Nationally, I can’t really evaluate what sort of the year the Socialist Party has had. How do you evaluate success? Membership numbers are an inaccurate barometer, because, as we all know on the left, while all fringe parties welcome members, it is the amount of activists prepared to give up their time on a regular basis that really counts. Paper sales are also used to measure success. I agree that paper sales are vital, not least financially. However, from my experience on manning stalls, people stop to sign a petition, give a donation and are presented with a paper. I am not knocking this, most people make an additional donation which swells the Fighting Fund. My point is that most people aren’t actively ‘buying’ a paper for it socialist content, or don’t go away, read the paper and become committed socialists! So, paper sales are a must, but they don’t generally build the party in and of themselves. You can attempt to measure success by votes cast in elections. The SP has had some electoral success, but they are few and far between. There is an argument that may you not win the seat but canvassing builds the party. Yes, I am sure people are recruited on the doorsteps, and I am not arguing that the party shouldn’t contest elections, but I feel you have to carefully consider the benefits against the drain on resources.
My view is that party members can contribute most as trade union activists. I am currently doing a PhD thesis on Militant’s successes in the Civil and Public Services Association (one of the forerunners of the PCS). A small, but well-organised cadre of Militant members punched well above their weight, as SP members now do in the PCS. My experiences with the SP have shown me that one thing it does very well (and I'm not without criticisms of the party) is organise. It will always be there! I feel we are sometimes criticised for organising too well. I am not naïve enough to believe all SP activists don't at times act in a sectarian way, and has never tried to dominate a movement, but you couldn’t criticise the party for not giving enthusiastic organises support to workers in struggle or potentially significant movements. For instance, there have been suggestions the SP is over-represented in the National Shop Stewards Network. I wasn’t at the founding conference, but my understanding is that without the SP it would have been a poorly-attended event.

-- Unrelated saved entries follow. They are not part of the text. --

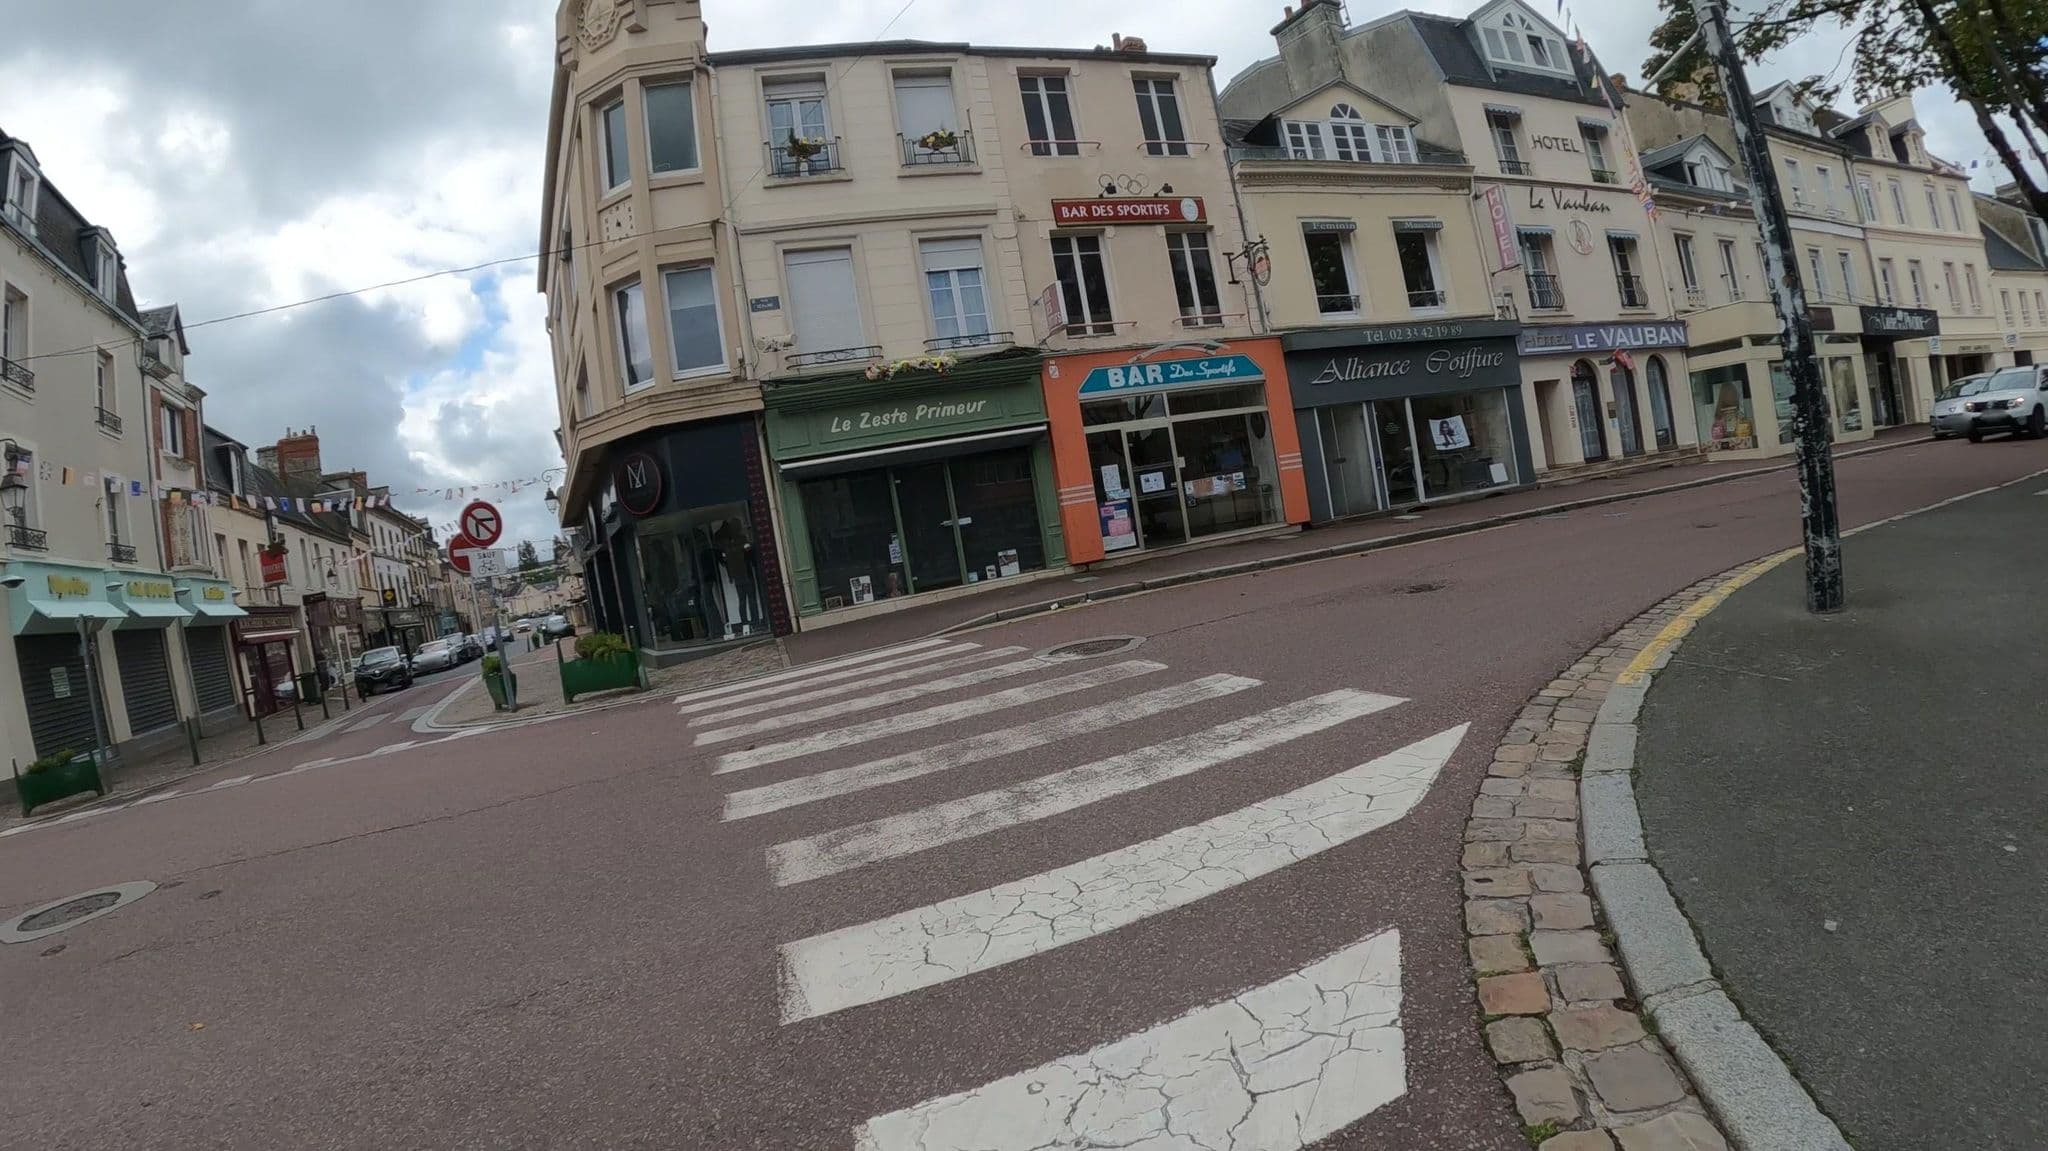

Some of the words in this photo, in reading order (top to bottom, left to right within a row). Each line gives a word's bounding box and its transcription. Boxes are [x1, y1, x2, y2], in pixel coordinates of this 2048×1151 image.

[1531, 134, 1580, 153] HOTEL
[1062, 205, 1088, 218] BAR
[1092, 204, 1114, 217] DES
[1117, 203, 1170, 216] SPORTIFS
[1529, 187, 1544, 210] Le
[1551, 188, 1611, 213] Vauban
[1487, 187, 1516, 266] HOTEL
[1389, 328, 1403, 340] 02
[1406, 327, 1419, 339] 33
[1421, 326, 1434, 338] 42
[1436, 325, 1448, 337] 19
[1574, 332, 1598, 349] LE
[1599, 326, 1686, 348] VAUBAN
[1107, 365, 1164, 388] BAR
[1169, 363, 1194, 379] Des
[1195, 360, 1236, 378] Sportifs
[1311, 356, 1410, 385] Alliance
[1425, 346, 1504, 379] Coiffure
[831, 416, 851, 433] Le
[859, 407, 908, 430] Zeste
[915, 399, 987, 421] Primeur
[477, 551, 496, 559] SAUF
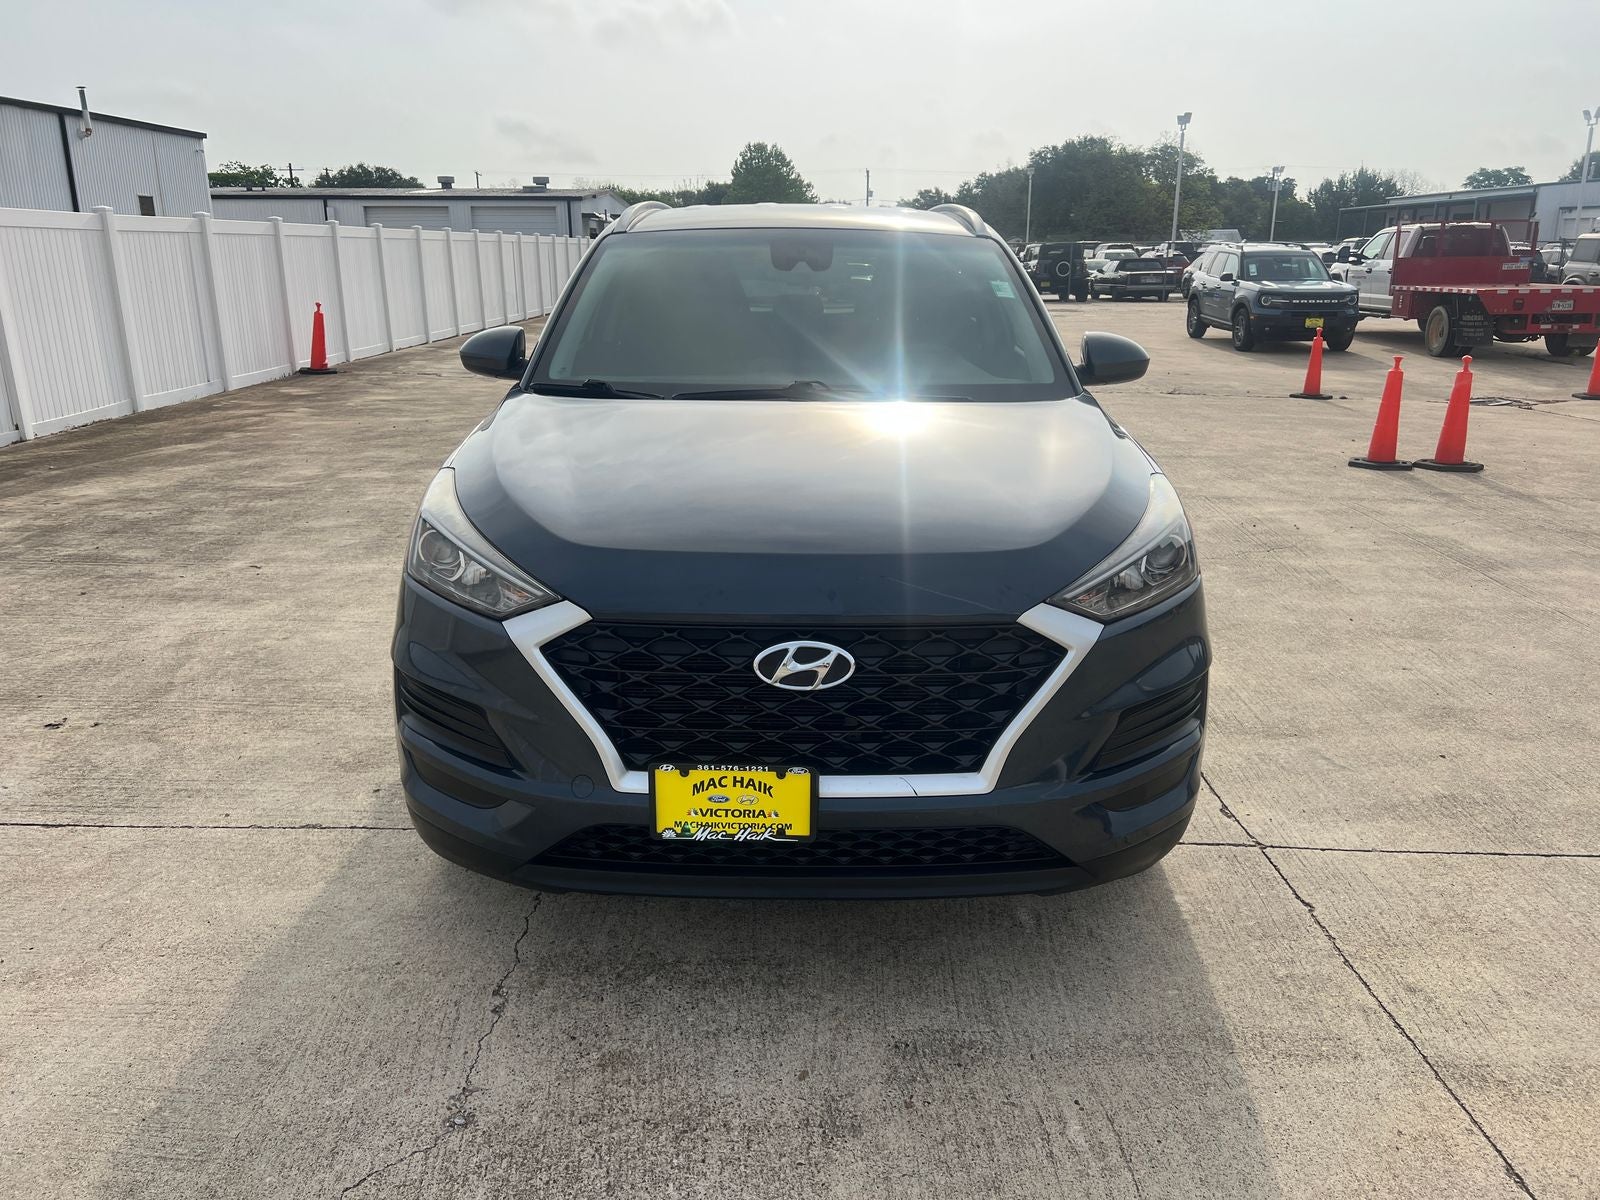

This brings me to the way forward for 2008. I strongly believe that a national shop-stewards movement is the best way to mobilise the left against neo-liberalism. The Liaison Committee in Defence of Trade Unions was very effective in its opposition to the Industrial Relations Act back in the 1970s. There are some good ‘awkward squad’ leaders out there - Mark Serwotka, Matt Wrack, Bob Crow and Brian Caton. And there are still some fine trade union activists out there (whether they are SWP, SP, CPB, Labour, non-aligned or whatever). The Left Unity grouping in the PCS has shown that the left can combine successfully. Let us make 2008 the year the left accepts that we have our differences, but that we have a lot more in common, and that united we can fight back against the ravages of neo-liberalism.